WHAT TO DO: Once the records have been read, set every one down as it stands.

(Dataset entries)

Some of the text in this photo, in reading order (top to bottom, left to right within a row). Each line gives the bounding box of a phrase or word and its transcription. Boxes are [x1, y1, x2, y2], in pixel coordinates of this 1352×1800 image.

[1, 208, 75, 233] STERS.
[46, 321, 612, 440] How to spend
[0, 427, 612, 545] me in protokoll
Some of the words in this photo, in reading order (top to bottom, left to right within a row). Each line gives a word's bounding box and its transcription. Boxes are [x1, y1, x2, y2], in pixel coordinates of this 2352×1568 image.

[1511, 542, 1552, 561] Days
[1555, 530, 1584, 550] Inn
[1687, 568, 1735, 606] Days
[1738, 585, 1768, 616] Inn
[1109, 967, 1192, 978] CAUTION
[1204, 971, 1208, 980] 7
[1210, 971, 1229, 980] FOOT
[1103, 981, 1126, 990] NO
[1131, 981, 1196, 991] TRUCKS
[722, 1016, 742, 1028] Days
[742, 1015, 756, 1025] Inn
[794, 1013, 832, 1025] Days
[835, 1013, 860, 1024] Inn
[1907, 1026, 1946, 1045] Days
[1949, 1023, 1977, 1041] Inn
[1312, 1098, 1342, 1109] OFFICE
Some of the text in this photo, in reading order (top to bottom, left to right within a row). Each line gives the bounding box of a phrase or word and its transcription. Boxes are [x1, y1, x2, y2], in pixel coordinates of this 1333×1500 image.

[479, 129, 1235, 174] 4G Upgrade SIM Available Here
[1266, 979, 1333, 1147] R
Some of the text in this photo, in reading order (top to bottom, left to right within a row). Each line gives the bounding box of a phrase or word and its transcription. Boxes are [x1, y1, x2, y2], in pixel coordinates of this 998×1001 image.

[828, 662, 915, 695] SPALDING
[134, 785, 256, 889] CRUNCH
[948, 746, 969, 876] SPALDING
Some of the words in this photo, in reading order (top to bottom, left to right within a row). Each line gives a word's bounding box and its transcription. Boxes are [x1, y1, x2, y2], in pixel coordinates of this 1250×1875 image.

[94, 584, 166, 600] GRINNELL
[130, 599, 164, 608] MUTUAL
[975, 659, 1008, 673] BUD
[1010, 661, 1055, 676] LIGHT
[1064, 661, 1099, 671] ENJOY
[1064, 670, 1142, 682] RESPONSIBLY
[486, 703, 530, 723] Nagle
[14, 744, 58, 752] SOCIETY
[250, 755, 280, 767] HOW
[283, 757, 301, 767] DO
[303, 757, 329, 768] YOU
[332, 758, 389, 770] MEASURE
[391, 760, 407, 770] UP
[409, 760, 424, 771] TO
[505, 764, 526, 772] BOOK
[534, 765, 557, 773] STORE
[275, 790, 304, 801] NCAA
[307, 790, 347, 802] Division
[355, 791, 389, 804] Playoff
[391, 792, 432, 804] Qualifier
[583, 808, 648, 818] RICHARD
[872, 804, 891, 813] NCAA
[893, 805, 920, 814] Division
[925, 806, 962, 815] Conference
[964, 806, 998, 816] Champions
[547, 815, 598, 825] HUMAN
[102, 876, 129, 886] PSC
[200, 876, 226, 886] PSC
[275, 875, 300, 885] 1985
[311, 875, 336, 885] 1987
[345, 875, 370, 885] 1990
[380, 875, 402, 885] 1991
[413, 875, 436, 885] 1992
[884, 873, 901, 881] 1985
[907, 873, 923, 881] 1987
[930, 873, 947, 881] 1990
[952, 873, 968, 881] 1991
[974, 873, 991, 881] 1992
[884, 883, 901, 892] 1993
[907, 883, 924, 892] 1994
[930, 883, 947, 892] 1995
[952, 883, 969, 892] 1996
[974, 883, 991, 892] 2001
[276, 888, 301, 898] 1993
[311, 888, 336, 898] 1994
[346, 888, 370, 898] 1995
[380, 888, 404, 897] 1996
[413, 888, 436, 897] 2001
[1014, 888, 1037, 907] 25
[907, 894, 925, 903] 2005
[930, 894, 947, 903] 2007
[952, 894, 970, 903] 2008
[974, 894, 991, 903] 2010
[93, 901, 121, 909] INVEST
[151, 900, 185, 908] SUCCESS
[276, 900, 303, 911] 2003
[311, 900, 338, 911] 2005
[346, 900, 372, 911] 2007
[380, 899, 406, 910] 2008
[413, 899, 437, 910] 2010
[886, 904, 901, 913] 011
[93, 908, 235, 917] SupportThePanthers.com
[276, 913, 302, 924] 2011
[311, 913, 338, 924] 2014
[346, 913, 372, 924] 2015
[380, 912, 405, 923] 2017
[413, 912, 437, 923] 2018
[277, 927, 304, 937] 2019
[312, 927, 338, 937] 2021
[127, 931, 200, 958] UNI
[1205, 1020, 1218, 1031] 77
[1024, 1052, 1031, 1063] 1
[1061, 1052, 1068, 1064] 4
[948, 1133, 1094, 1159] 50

SOLUTION:
Some of the text in this photo, in reading order (top to bottom, left to right within a row). Each line gives the bounding box of a phrase or word and its transcription. Boxes are [x1, y1, x2, y2], in pixel coordinates of this 1352×1800 image.

[1, 208, 75, 233] STERS.
[46, 321, 612, 440] How to spend
[0, 427, 612, 545] me in protokoll
Some of the words in this photo, in reading order (top to bottom, left to right within a row). Each line gives a word's bounding box and its transcription. Boxes are [x1, y1, x2, y2], in pixel coordinates of this 2352×1568 image.

[1511, 542, 1552, 561] Days
[1555, 530, 1584, 550] Inn
[1687, 568, 1735, 606] Days
[1738, 585, 1768, 616] Inn
[1109, 967, 1192, 978] CAUTION
[1204, 971, 1208, 980] 7
[1210, 971, 1229, 980] FOOT
[1103, 981, 1126, 990] NO
[1131, 981, 1196, 991] TRUCKS
[722, 1016, 742, 1028] Days
[742, 1015, 756, 1025] Inn
[794, 1013, 832, 1025] Days
[835, 1013, 860, 1024] Inn
[1907, 1026, 1946, 1045] Days
[1949, 1023, 1977, 1041] Inn
[1312, 1098, 1342, 1109] OFFICE
Some of the text in this photo, in reading order (top to bottom, left to right within a row). Each line gives the bounding box of a phrase or word and its transcription. Boxes are [x1, y1, x2, y2], in pixel coordinates of this 1333×1500 image.

[479, 129, 1235, 174] 4G Upgrade SIM Available Here
[1266, 979, 1333, 1147] R
Some of the text in this photo, in reading order (top to bottom, left to right within a row). Each line gives the bounding box of a phrase or word and its transcription. Boxes are [x1, y1, x2, y2], in pixel coordinates of this 998×1001 image.

[828, 662, 915, 695] SPALDING
[134, 785, 256, 889] CRUNCH
[948, 746, 969, 876] SPALDING
Some of the words in this photo, in reading order (top to bottom, left to right within a row). Each line gives a word's bounding box and its transcription. Boxes are [x1, y1, x2, y2], in pixel coordinates of this 1250×1875 image.

[94, 584, 166, 600] GRINNELL
[130, 599, 164, 608] MUTUAL
[975, 659, 1008, 673] BUD
[1010, 661, 1055, 676] LIGHT
[1064, 661, 1099, 671] ENJOY
[1064, 670, 1142, 682] RESPONSIBLY
[486, 703, 530, 723] Nagle
[14, 744, 58, 752] SOCIETY
[250, 755, 280, 767] HOW
[283, 757, 301, 767] DO
[303, 757, 329, 768] YOU
[332, 758, 389, 770] MEASURE
[391, 760, 407, 770] UP
[409, 760, 424, 771] TO
[505, 764, 526, 772] BOOK
[534, 765, 557, 773] STORE
[275, 790, 304, 801] NCAA
[307, 790, 347, 802] Division
[355, 791, 389, 804] Playoff
[391, 792, 432, 804] Qualifier
[583, 808, 648, 818] RICHARD
[872, 804, 891, 813] NCAA
[893, 805, 920, 814] Division
[925, 806, 962, 815] Conference
[964, 806, 998, 816] Champions
[547, 815, 598, 825] HUMAN
[102, 876, 129, 886] PSC
[200, 876, 226, 886] PSC
[275, 875, 300, 885] 1985
[311, 875, 336, 885] 1987
[345, 875, 370, 885] 1990
[380, 875, 402, 885] 1991
[413, 875, 436, 885] 1992
[884, 873, 901, 881] 1985
[907, 873, 923, 881] 1987
[930, 873, 947, 881] 1990
[952, 873, 968, 881] 1991
[974, 873, 991, 881] 1992
[884, 883, 901, 892] 1993
[907, 883, 924, 892] 1994
[930, 883, 947, 892] 1995
[952, 883, 969, 892] 1996
[974, 883, 991, 892] 2001
[276, 888, 301, 898] 1993
[311, 888, 336, 898] 1994
[346, 888, 370, 898] 1995
[380, 888, 404, 897] 1996
[413, 888, 436, 897] 2001
[1014, 888, 1037, 907] 25
[907, 894, 925, 903] 2005
[930, 894, 947, 903] 2007
[952, 894, 970, 903] 2008
[974, 894, 991, 903] 2010
[93, 901, 121, 909] INVEST
[151, 900, 185, 908] SUCCESS
[276, 900, 303, 911] 2003
[311, 900, 338, 911] 2005
[346, 900, 372, 911] 2007
[380, 899, 406, 910] 2008
[413, 899, 437, 910] 2010
[886, 904, 901, 913] 011
[93, 908, 235, 917] SupportThePanthers.com
[276, 913, 302, 924] 2011
[311, 913, 338, 924] 2014
[346, 913, 372, 924] 2015
[380, 912, 405, 923] 2017
[413, 912, 437, 923] 2018
[277, 927, 304, 937] 2019
[312, 927, 338, 937] 2021
[127, 931, 200, 958] UNI
[1205, 1020, 1218, 1031] 77
[1024, 1052, 1031, 1063] 1
[1061, 1052, 1068, 1064] 4
[948, 1133, 1094, 1159] 50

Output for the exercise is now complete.